• **Extracted material**:
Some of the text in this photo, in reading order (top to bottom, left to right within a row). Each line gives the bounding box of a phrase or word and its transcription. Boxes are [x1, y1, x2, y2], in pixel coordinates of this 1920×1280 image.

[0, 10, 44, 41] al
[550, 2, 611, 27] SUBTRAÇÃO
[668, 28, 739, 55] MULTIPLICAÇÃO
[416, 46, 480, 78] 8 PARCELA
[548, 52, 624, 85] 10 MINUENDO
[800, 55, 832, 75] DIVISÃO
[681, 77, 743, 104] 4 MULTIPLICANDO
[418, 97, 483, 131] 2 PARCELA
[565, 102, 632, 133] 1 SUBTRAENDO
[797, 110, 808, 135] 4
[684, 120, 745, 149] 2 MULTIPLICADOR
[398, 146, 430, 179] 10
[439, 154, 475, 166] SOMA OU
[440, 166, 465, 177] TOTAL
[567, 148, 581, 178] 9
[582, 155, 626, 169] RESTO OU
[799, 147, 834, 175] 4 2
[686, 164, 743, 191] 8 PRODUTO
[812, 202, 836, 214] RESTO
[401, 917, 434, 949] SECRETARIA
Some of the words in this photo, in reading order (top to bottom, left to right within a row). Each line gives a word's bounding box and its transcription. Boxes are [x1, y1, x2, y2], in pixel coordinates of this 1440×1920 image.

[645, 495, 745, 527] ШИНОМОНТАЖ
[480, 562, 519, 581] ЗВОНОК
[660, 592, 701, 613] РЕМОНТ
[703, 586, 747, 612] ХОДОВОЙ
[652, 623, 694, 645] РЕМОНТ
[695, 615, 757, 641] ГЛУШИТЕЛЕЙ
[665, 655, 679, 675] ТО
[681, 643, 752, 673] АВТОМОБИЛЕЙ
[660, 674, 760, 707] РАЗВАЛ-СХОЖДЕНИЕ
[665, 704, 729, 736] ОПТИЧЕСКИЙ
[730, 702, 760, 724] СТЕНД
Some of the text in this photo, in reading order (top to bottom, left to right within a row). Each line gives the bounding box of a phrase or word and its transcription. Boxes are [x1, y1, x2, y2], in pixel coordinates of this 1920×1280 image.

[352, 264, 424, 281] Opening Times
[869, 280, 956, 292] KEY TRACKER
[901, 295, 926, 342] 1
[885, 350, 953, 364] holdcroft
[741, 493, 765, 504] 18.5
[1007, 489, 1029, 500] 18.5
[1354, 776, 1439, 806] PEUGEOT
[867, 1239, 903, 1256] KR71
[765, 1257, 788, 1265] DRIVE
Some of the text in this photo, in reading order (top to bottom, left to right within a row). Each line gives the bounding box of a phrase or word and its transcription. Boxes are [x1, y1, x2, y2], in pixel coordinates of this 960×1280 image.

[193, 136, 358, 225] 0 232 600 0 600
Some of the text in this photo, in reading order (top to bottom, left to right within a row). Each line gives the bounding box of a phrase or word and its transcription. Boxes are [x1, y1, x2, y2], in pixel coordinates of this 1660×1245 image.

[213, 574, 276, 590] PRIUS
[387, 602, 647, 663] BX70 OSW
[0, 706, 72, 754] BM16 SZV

• **What this task involves**:
The required result is an exact repeat of the records above from the line containing "this 1660×1245 image." to their final line.

• **Task output**:
Some of the text in this photo, in reading order (top to bottom, left to right within a row). Each line gives the bounding box of a phrase or word and its transcription. Boxes are [x1, y1, x2, y2], in pixel coordinates of this 1660×1245 image.

[213, 574, 276, 590] PRIUS
[387, 602, 647, 663] BX70 OSW
[0, 706, 72, 754] BM16 SZV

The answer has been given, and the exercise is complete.